UNCSW and Women’s NGOs may be seen across social media as championing women’s rights and demanding empowerment across all sorts of areas. Such as education, employment, social mobility and human rights. Indeed who would oppose such calls. The priority theme for 2018 is ‘Empowering Rural Women And Girls’, and we have witnessed limitless energy and arguments to advance that cause.
However their take on ’empowerment’ does not extend to a woman having a right not be forcibly sterilized, they do not advocate what any right-thinking person would consider as constituting a fundamental freedom. Even as their prestigious UN colleagues in the Committee Against Torture document their concerns on the subject and expose the Chinese authorities blatant refusal to cooperate, they remain mute!
Meanwhile the parallel NGO Forum, which runs as ‘Side Events’ over the same dates is hosting a series of meetings and presentations. These for the most part reflect the main theme. However, other issues feature, including of course Female Genital Mutilation. No one is arguing these are not worthy subjects to be supported. Yet the key point is that the same community of women’s NGOs has again chosen not to give exposure to the forced sterilization of women.
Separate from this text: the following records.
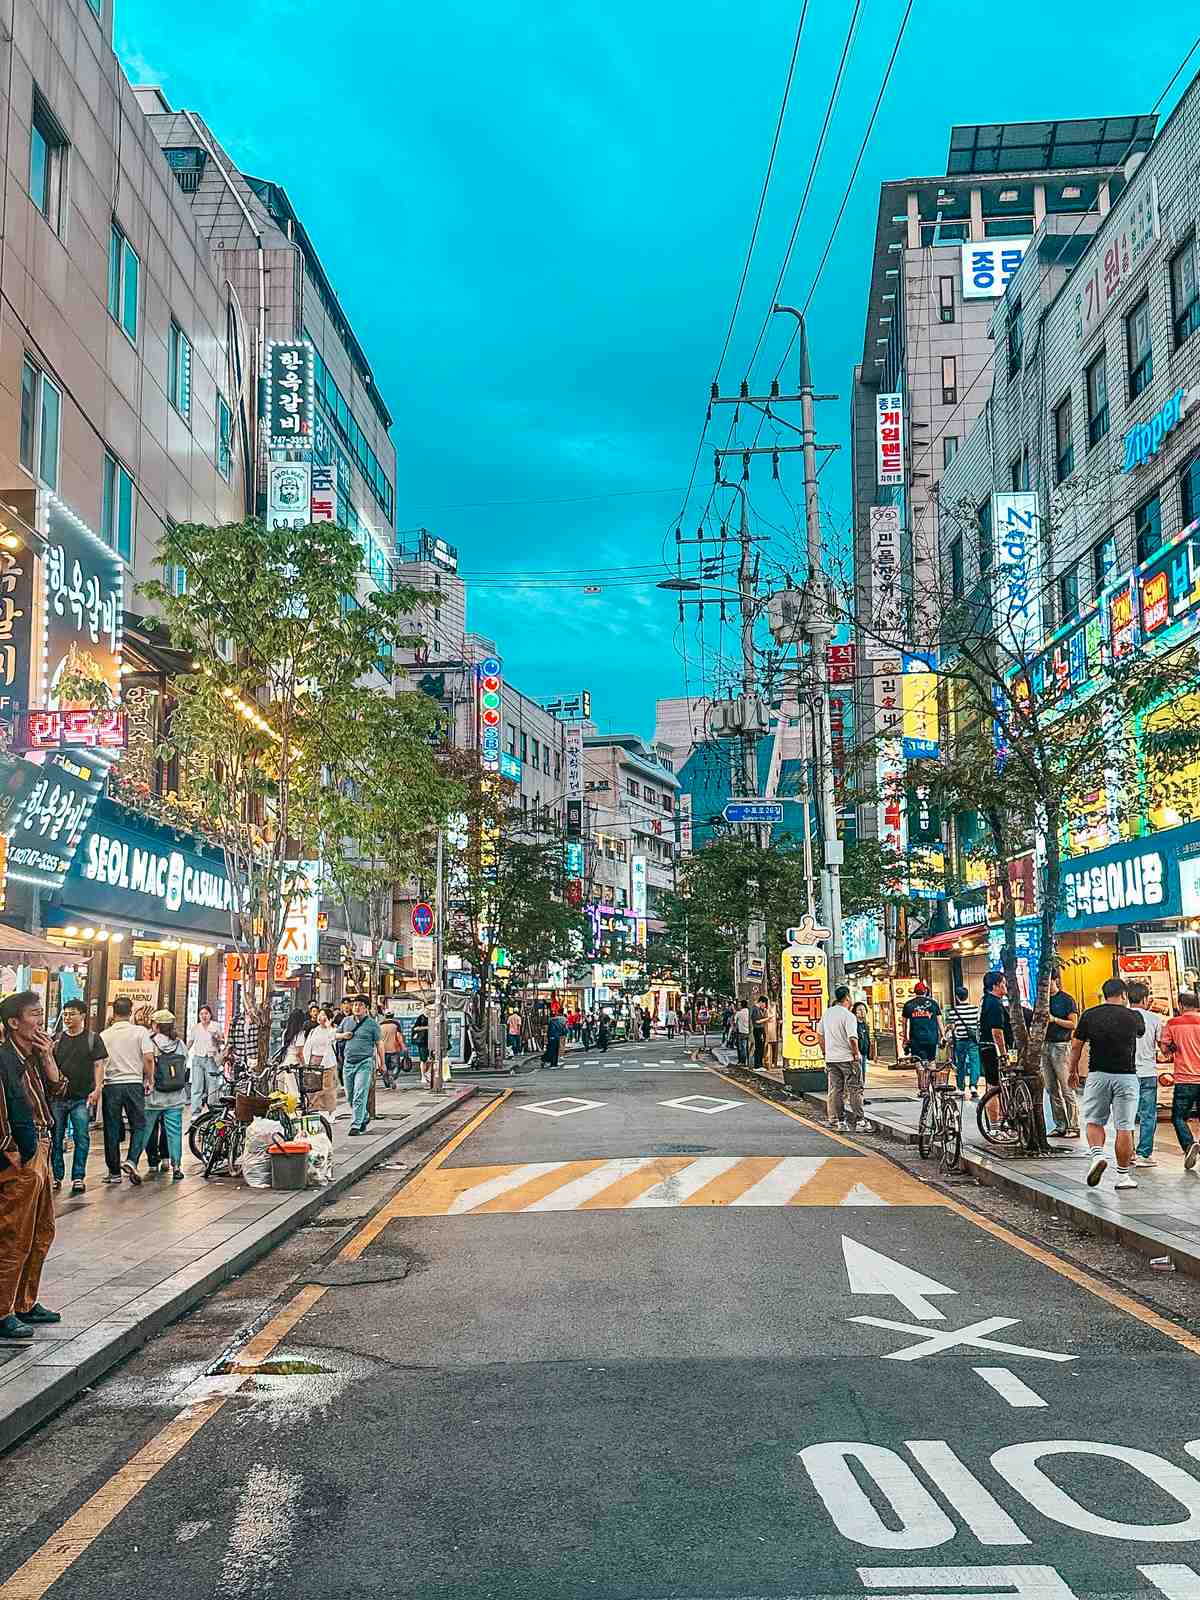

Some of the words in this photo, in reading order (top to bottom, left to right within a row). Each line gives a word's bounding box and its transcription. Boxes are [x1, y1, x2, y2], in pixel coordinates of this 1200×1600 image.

[279, 351, 303, 433] 한옥갈비
[880, 411, 901, 473] 게임랜드
[1121, 387, 1184, 472] Zipper
[50, 545, 117, 654] 한옥갈비
[23, 779, 87, 844] 한옥갈비
[87, 833, 129, 888] SEOL
[130, 848, 168, 897] MAC
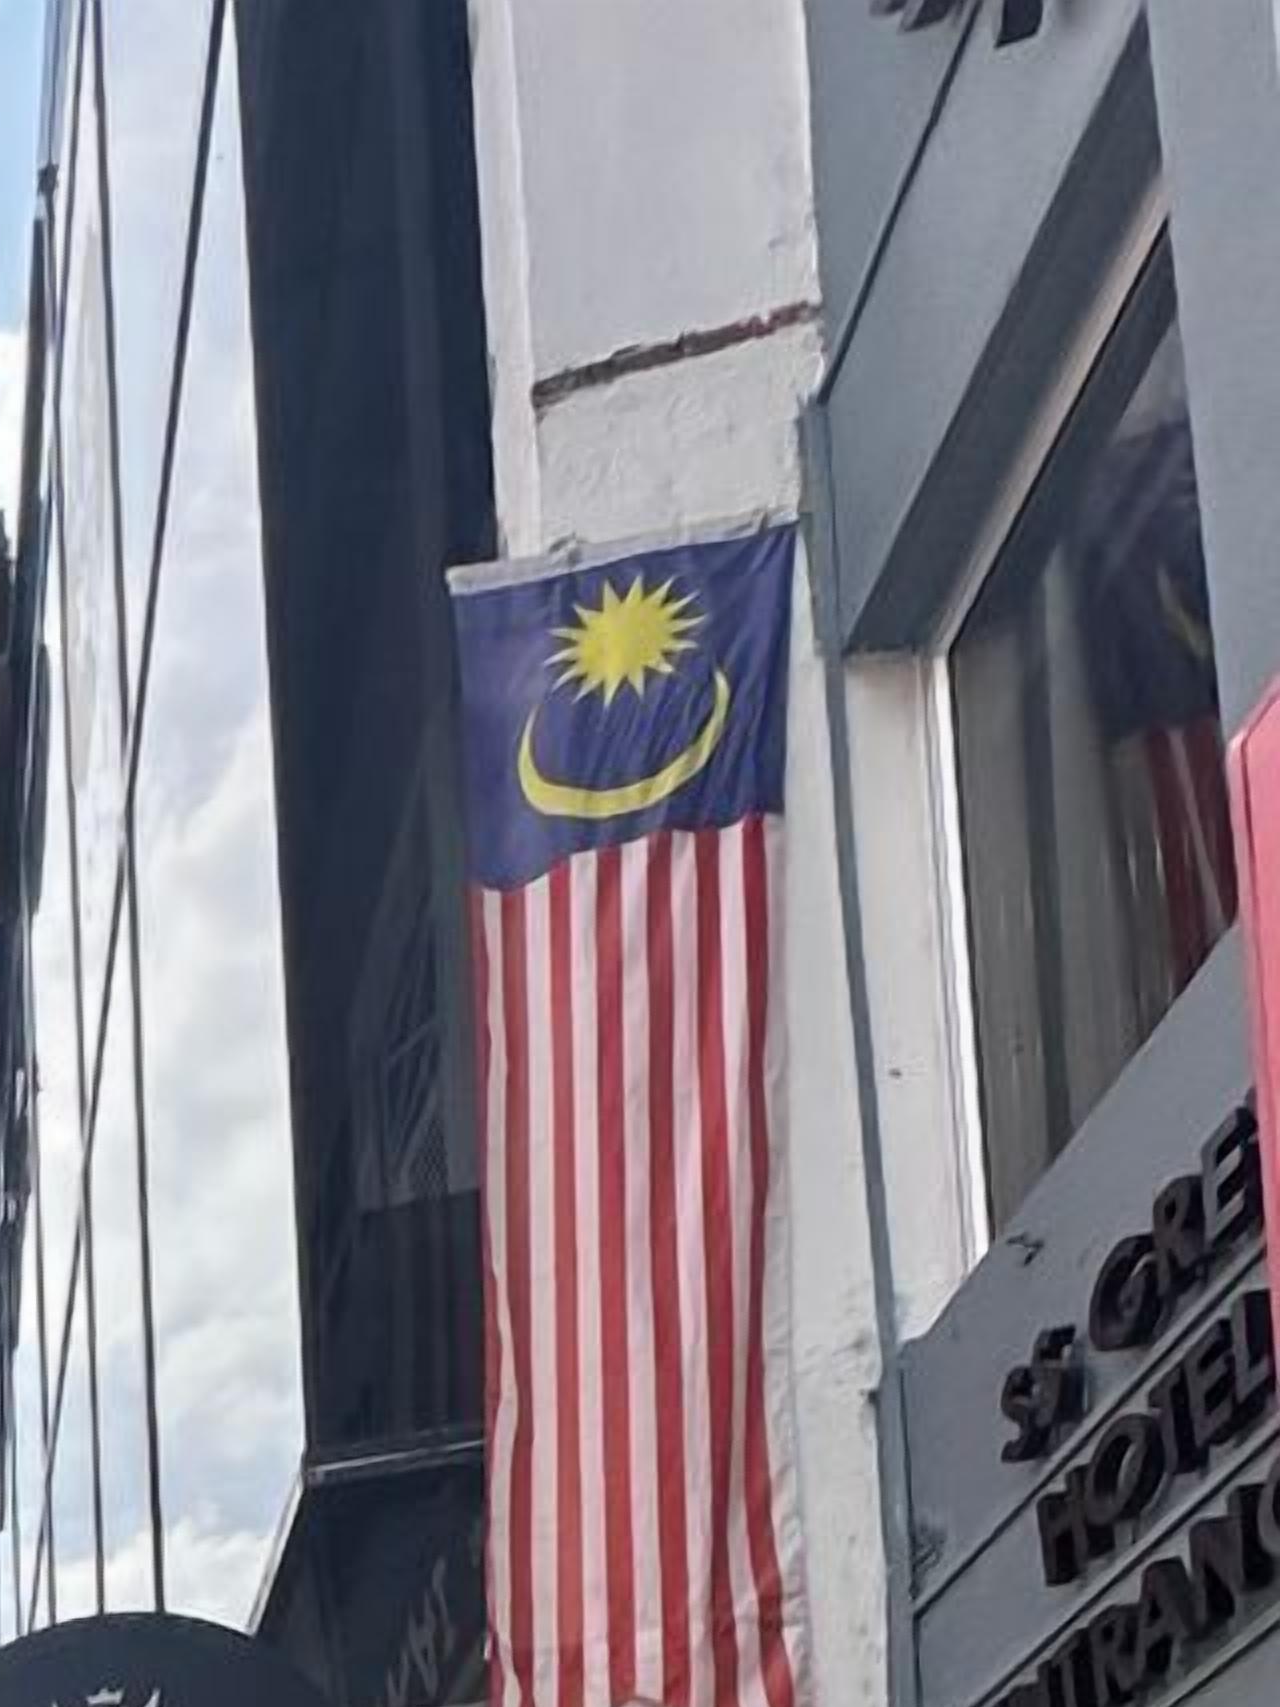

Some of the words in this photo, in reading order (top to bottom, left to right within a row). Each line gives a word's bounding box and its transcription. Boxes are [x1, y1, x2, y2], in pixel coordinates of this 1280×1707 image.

Yet those organizations are aware of those violations, especially with regard to China, despite such knowledge they have once more cast a veil of indifference over the subject.
This censorship and denial occurs each year at the UNCSW and NGO Forum, making a mockery of the claim that such bodies are committed champions of women’s human rights. If truth be known it is an agenda, or ideology which is being supported, not human rights as a universal principle, hence the politically correct themes and issue selectivity on display.